BEGIN Record excerpts
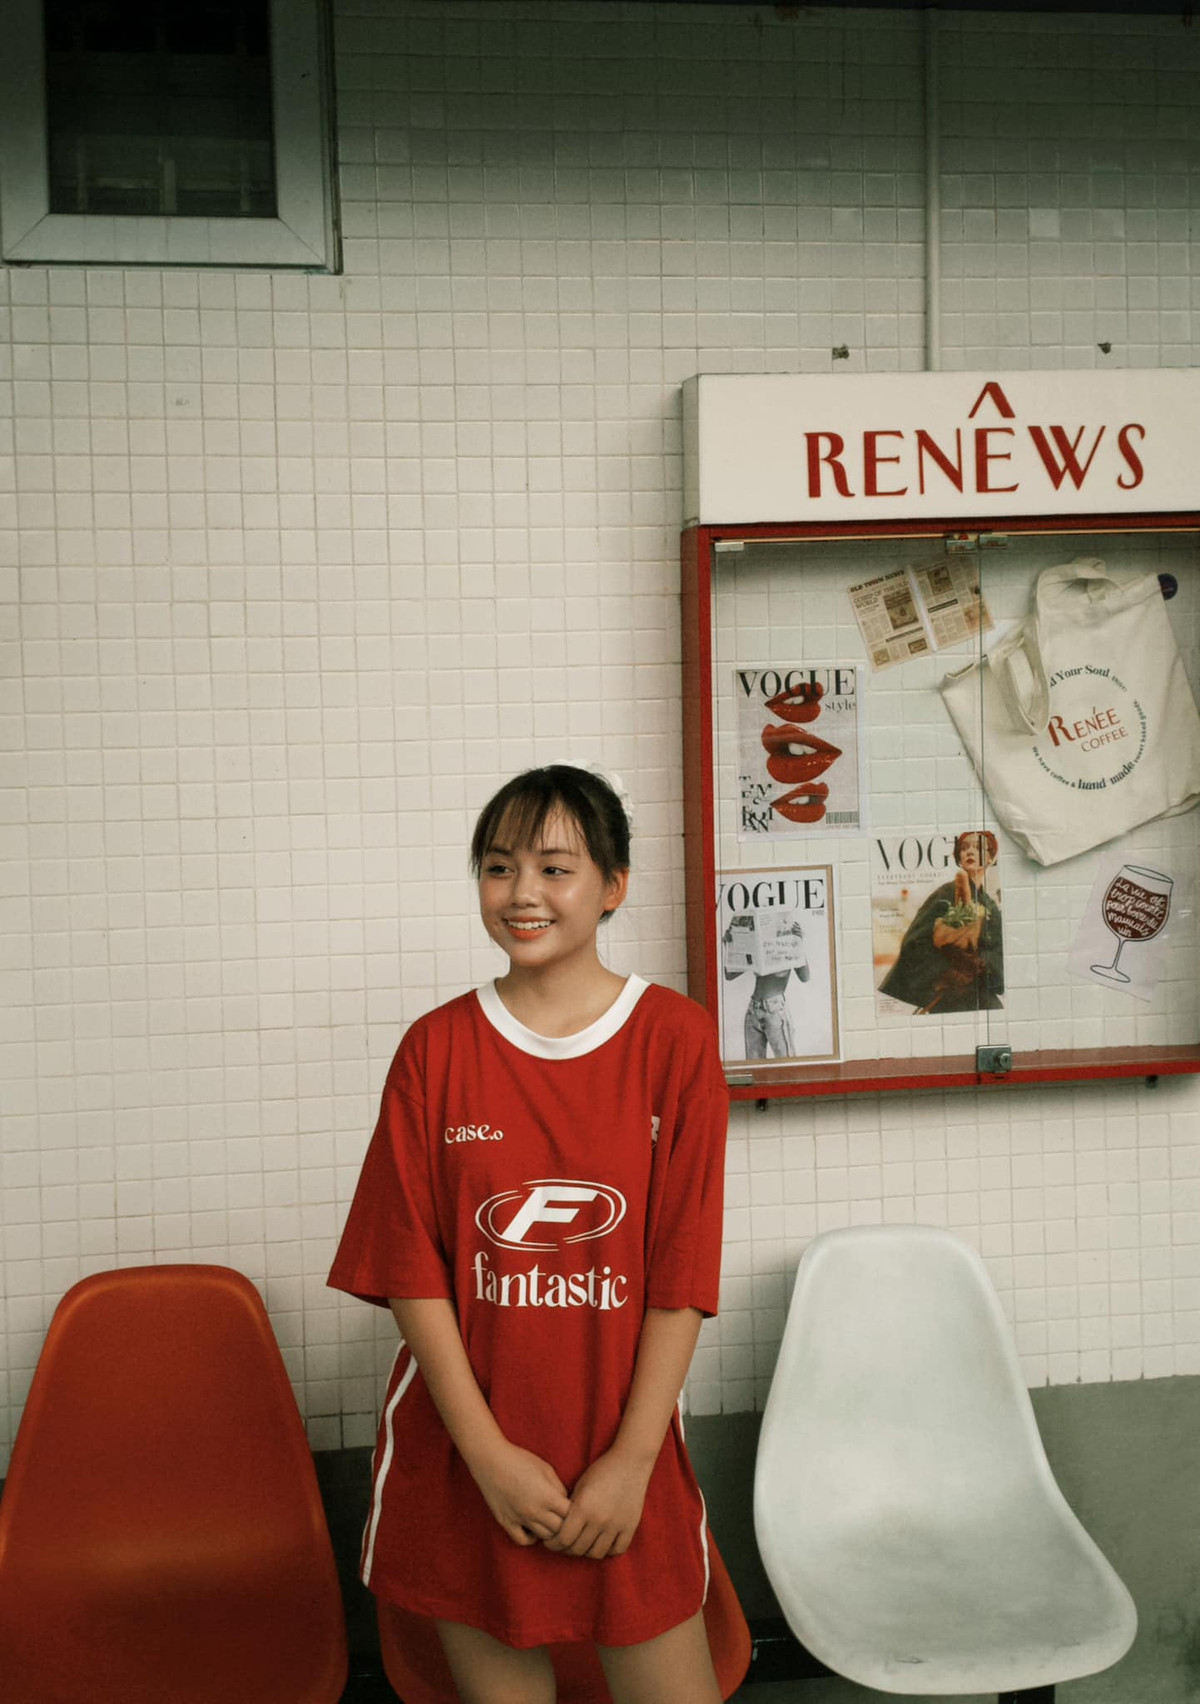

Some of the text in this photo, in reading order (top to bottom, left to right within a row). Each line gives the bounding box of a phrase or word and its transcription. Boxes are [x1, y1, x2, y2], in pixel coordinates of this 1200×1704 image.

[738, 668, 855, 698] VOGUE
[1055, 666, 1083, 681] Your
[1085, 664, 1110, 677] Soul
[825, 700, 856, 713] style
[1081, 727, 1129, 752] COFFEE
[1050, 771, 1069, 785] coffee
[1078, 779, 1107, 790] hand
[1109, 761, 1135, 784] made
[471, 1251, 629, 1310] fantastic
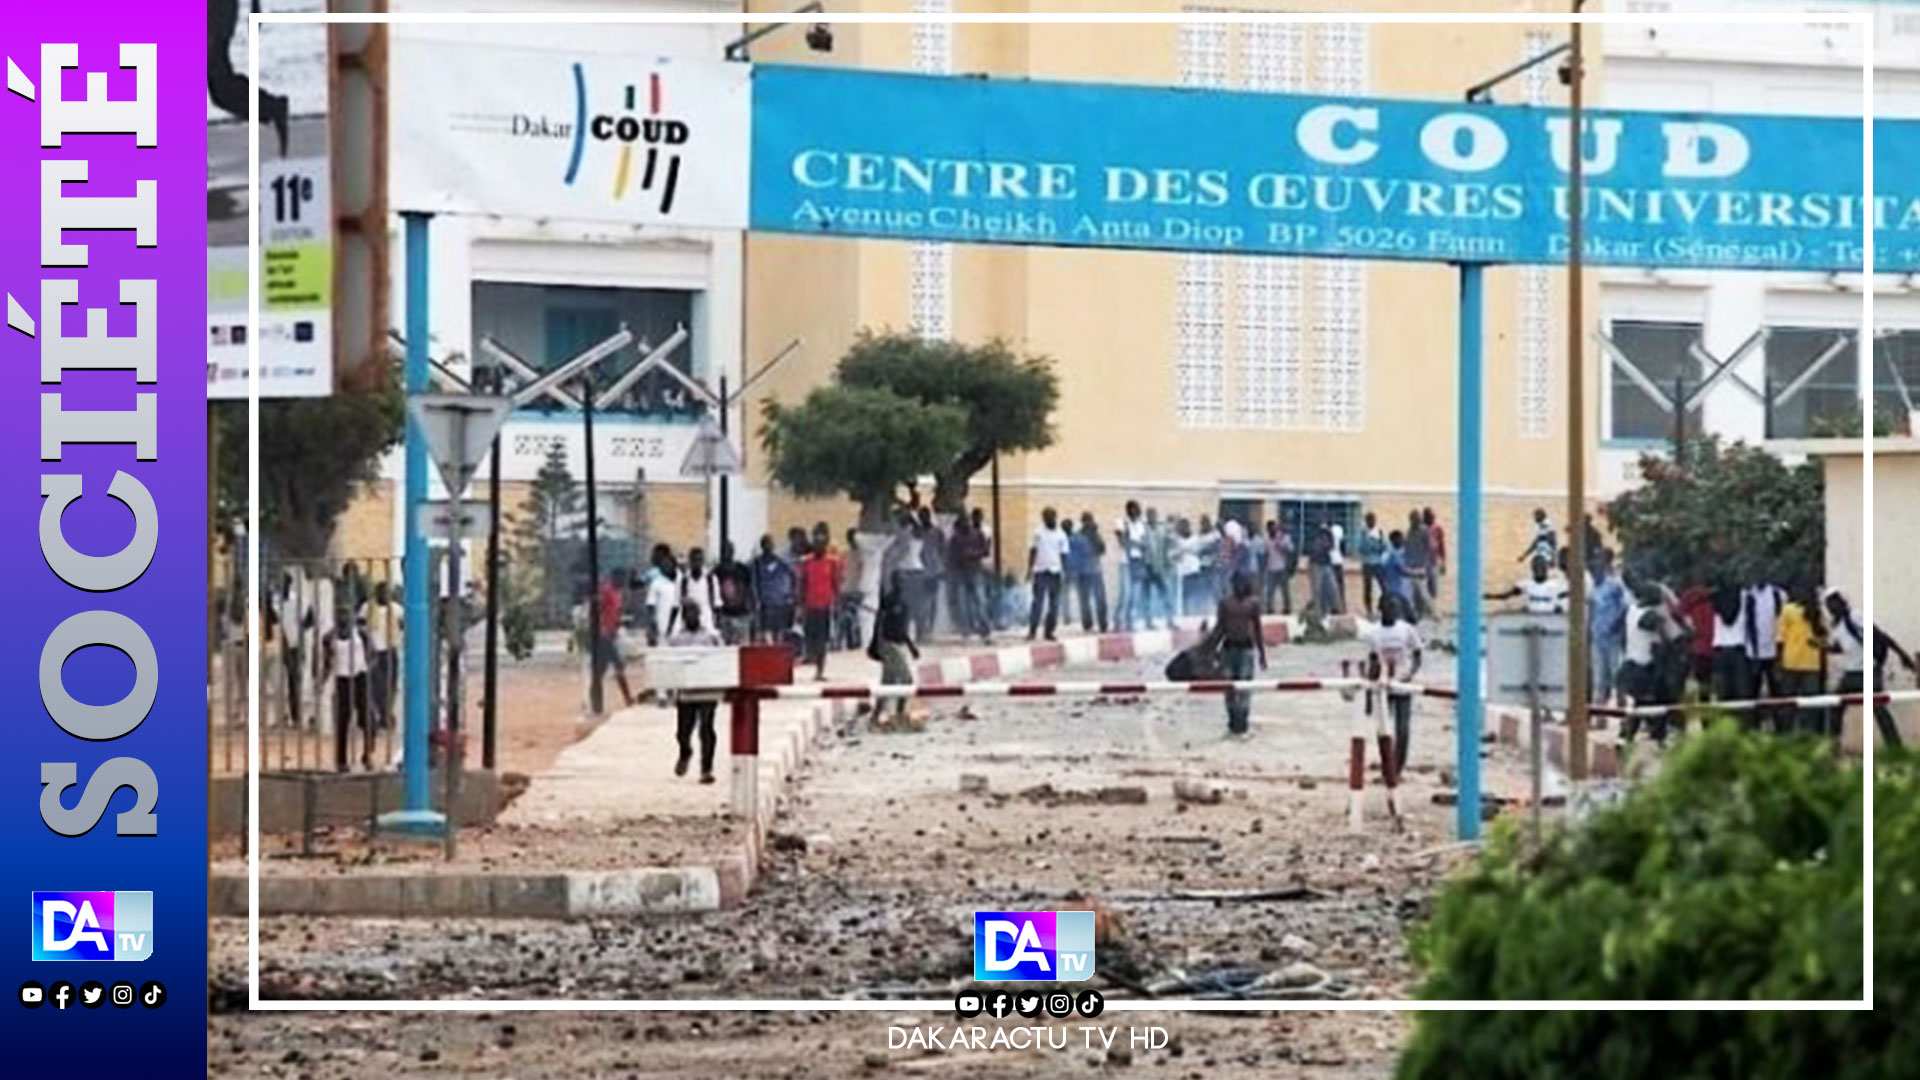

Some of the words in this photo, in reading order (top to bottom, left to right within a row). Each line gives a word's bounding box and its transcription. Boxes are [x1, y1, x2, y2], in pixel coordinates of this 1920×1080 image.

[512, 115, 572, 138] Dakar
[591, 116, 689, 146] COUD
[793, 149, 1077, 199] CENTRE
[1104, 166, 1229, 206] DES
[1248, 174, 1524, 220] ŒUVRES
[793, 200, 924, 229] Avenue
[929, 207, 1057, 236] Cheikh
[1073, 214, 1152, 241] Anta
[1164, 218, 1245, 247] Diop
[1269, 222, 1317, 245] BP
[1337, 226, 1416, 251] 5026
END Record excerpts
-- About this exercise --
Return all the lines above exactly; none of the pictures should appear.

-- Task solution --
Some of the text in this photo, in reading order (top to bottom, left to right within a row). Each line gives the bounding box of a phrase or word and its transcription. Boxes are [x1, y1, x2, y2], in pixel coordinates of this 1200×1704 image.

[738, 668, 855, 698] VOGUE
[1055, 666, 1083, 681] Your
[1085, 664, 1110, 677] Soul
[825, 700, 856, 713] style
[1081, 727, 1129, 752] COFFEE
[1050, 771, 1069, 785] coffee
[1078, 779, 1107, 790] hand
[1109, 761, 1135, 784] made
[471, 1251, 629, 1310] fantastic

Some of the words in this photo, in reading order (top to bottom, left to right within a row). Each line gives a word's bounding box and its transcription. Boxes are [x1, y1, x2, y2], in pixel coordinates of this 1920×1080 image.

[512, 115, 572, 138] Dakar
[591, 116, 689, 146] COUD
[793, 149, 1077, 199] CENTRE
[1104, 166, 1229, 206] DES
[1248, 174, 1524, 220] ŒUVRES
[793, 200, 924, 229] Avenue
[929, 207, 1057, 236] Cheikh
[1073, 214, 1152, 241] Anta
[1164, 218, 1245, 247] Diop
[1269, 222, 1317, 245] BP
[1337, 226, 1416, 251] 5026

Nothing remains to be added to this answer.